— Dataset entries —
:::::

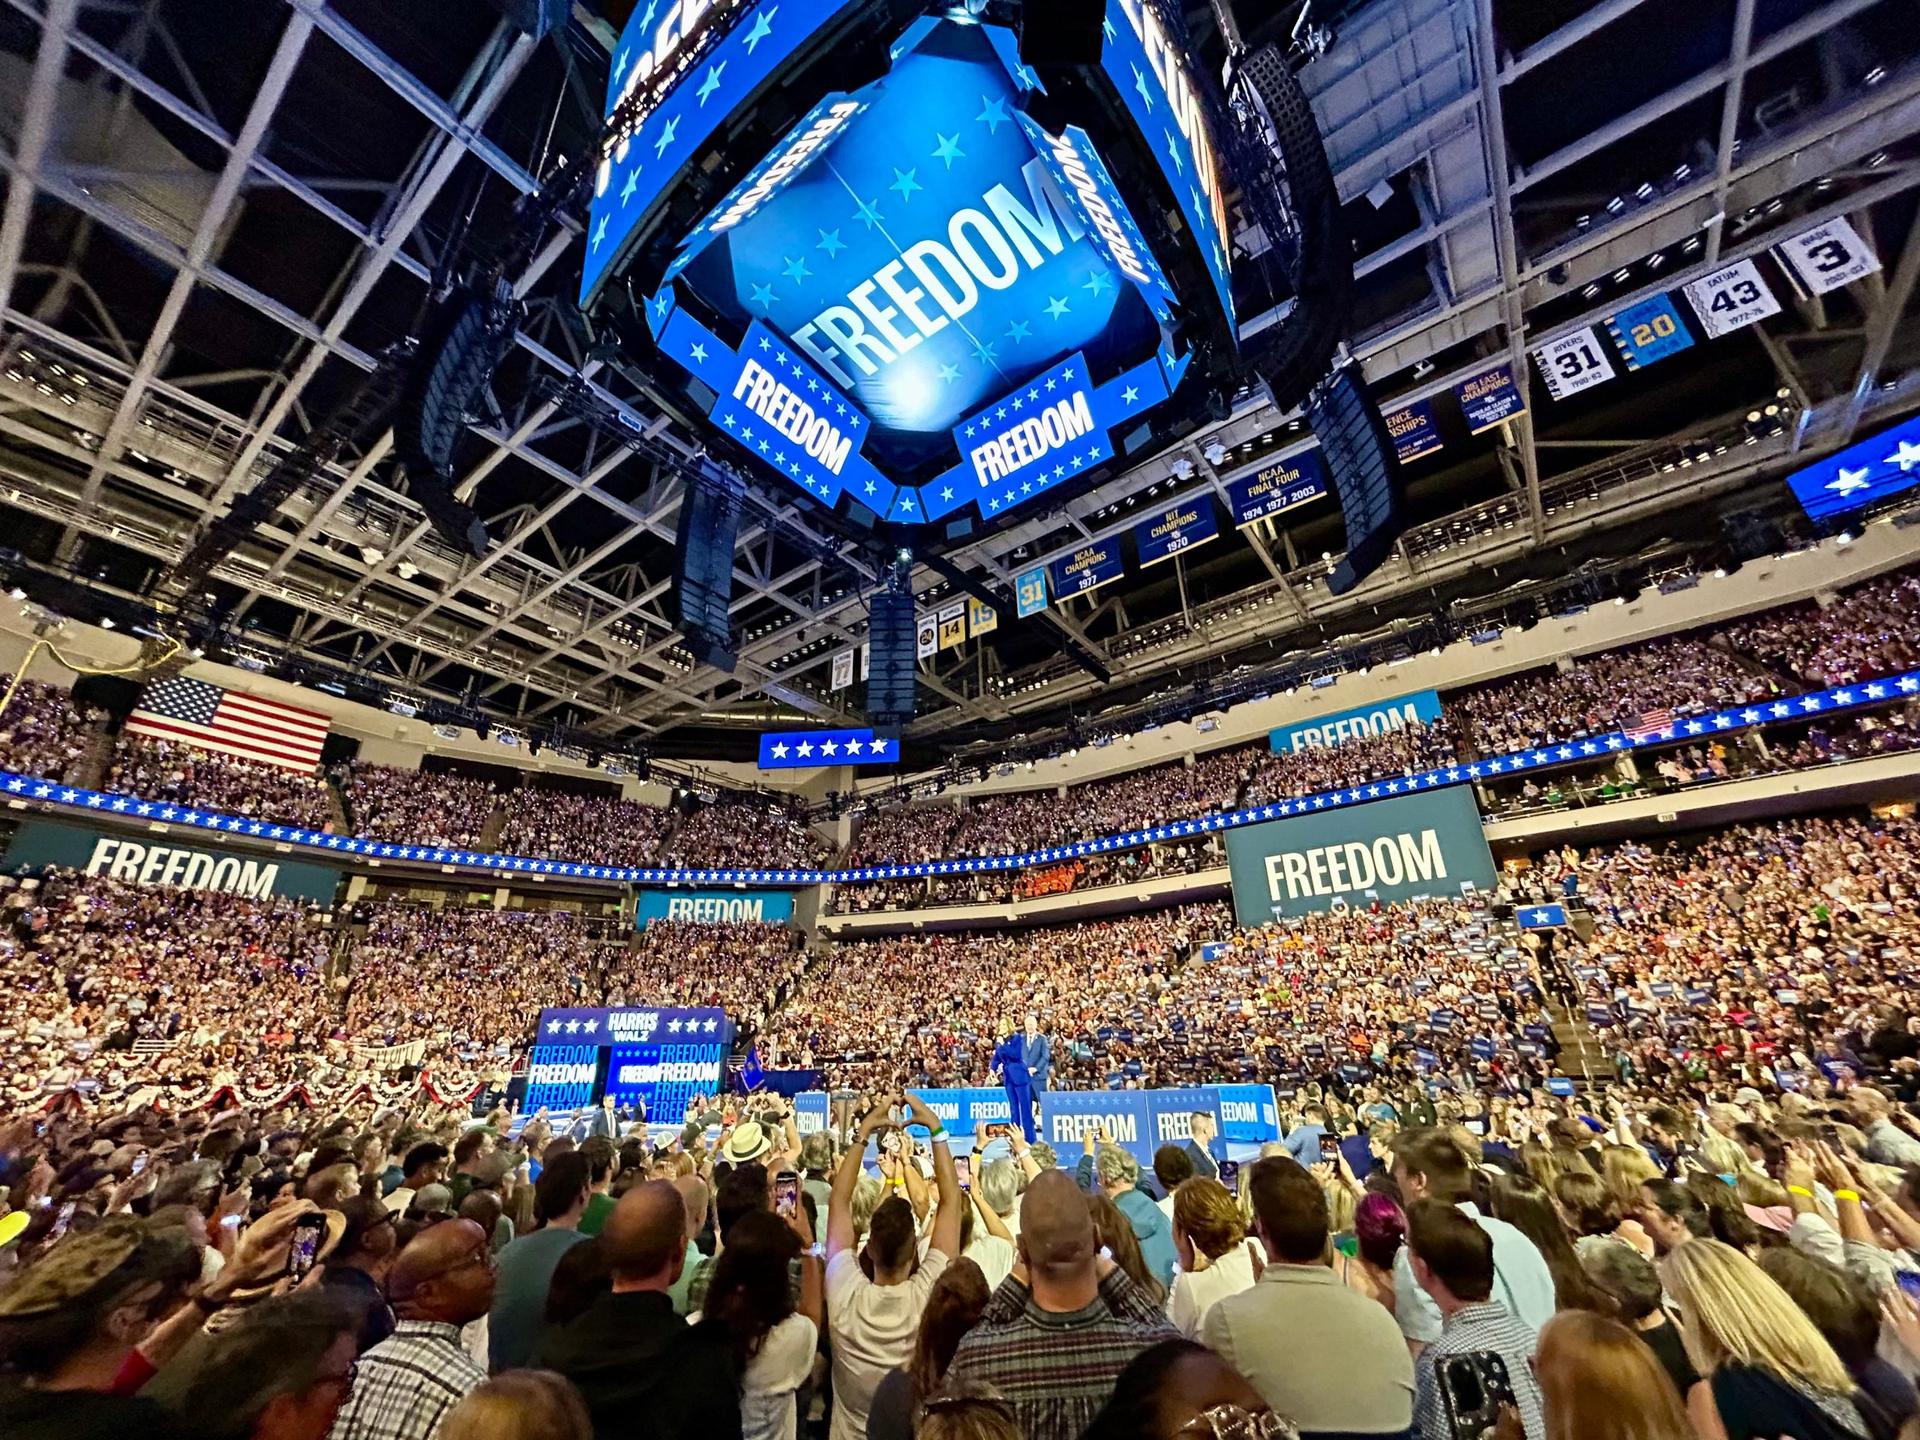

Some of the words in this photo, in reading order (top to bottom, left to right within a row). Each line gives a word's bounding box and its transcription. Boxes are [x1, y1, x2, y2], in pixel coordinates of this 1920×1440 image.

[708, 101, 859, 232] FREEDOM
[1042, 133, 1150, 284] FREEDOM
[1806, 240, 1852, 272] 3
[790, 155, 1086, 391] FREEDOM
[1707, 269, 1741, 288] TATUM
[1711, 280, 1761, 312] 43
[1631, 313, 1676, 348] 20
[1553, 336, 1585, 354] RIVERS
[1555, 344, 1601, 379] 31
[1460, 376, 1511, 403] CHAMPIONS
[732, 358, 853, 477] FREEDOM
[970, 390, 1095, 488] FREEDOM
[1247, 480, 1275, 498] FINAL
[1274, 468, 1301, 486] FOUR
[1257, 464, 1285, 484] NCAA
[1165, 508, 1180, 523] NIT
[1242, 505, 1263, 521] 1974
[1265, 495, 1288, 512] 1977
[1290, 485, 1316, 503] 2003
[1150, 510, 1198, 538] CHAMPIONS
[1074, 547, 1096, 563] NCAA
[1166, 536, 1189, 553] 1970
[1064, 550, 1107, 576] CHAMPIONS
[1020, 580, 1044, 607] 31
[1078, 574, 1098, 590] 1977
[944, 619, 961, 639] 14
[1289, 703, 1420, 755] FREEDOM
[85, 838, 280, 902] FREEDOM
[1264, 828, 1448, 902] FREEDOM
[667, 898, 764, 924] FREEDOM
[608, 1012, 658, 1031] HARRIS
[614, 1030, 649, 1042] WALZ
[533, 1045, 599, 1064] FREEDOM
[659, 1043, 721, 1063] FREEDOM
[527, 1063, 597, 1085] FREEDOM
[656, 1061, 720, 1082] FREEDOM
[524, 1083, 593, 1105] FREEDOM
[970, 1101, 1011, 1119] FREEDO

:::::

Please output each line above exactly and omit all images.

Some of the words in this photo, in reading order (top to bottom, left to right within a row). Each line gives a word's bounding box and its transcription. Boxes are [x1, y1, x2, y2], in pixel coordinates of this 1920×1440 image.

[708, 101, 859, 232] FREEDOM
[1042, 133, 1150, 284] FREEDOM
[1806, 240, 1852, 272] 3
[790, 155, 1086, 391] FREEDOM
[1707, 269, 1741, 288] TATUM
[1711, 280, 1761, 312] 43
[1631, 313, 1676, 348] 20
[1553, 336, 1585, 354] RIVERS
[1555, 344, 1601, 379] 31
[1460, 376, 1511, 403] CHAMPIONS
[732, 358, 853, 477] FREEDOM
[970, 390, 1095, 488] FREEDOM
[1247, 480, 1275, 498] FINAL
[1274, 468, 1301, 486] FOUR
[1257, 464, 1285, 484] NCAA
[1165, 508, 1180, 523] NIT
[1242, 505, 1263, 521] 1974
[1265, 495, 1288, 512] 1977
[1290, 485, 1316, 503] 2003
[1150, 510, 1198, 538] CHAMPIONS
[1074, 547, 1096, 563] NCAA
[1166, 536, 1189, 553] 1970
[1064, 550, 1107, 576] CHAMPIONS
[1020, 580, 1044, 607] 31
[1078, 574, 1098, 590] 1977
[944, 619, 961, 639] 14
[1289, 703, 1420, 755] FREEDOM
[85, 838, 280, 902] FREEDOM
[1264, 828, 1448, 902] FREEDOM
[667, 898, 764, 924] FREEDOM
[608, 1012, 658, 1031] HARRIS
[614, 1030, 649, 1042] WALZ
[533, 1045, 599, 1064] FREEDOM
[659, 1043, 721, 1063] FREEDOM
[527, 1063, 597, 1085] FREEDOM
[656, 1061, 720, 1082] FREEDOM
[524, 1083, 593, 1105] FREEDOM
[970, 1101, 1011, 1119] FREEDO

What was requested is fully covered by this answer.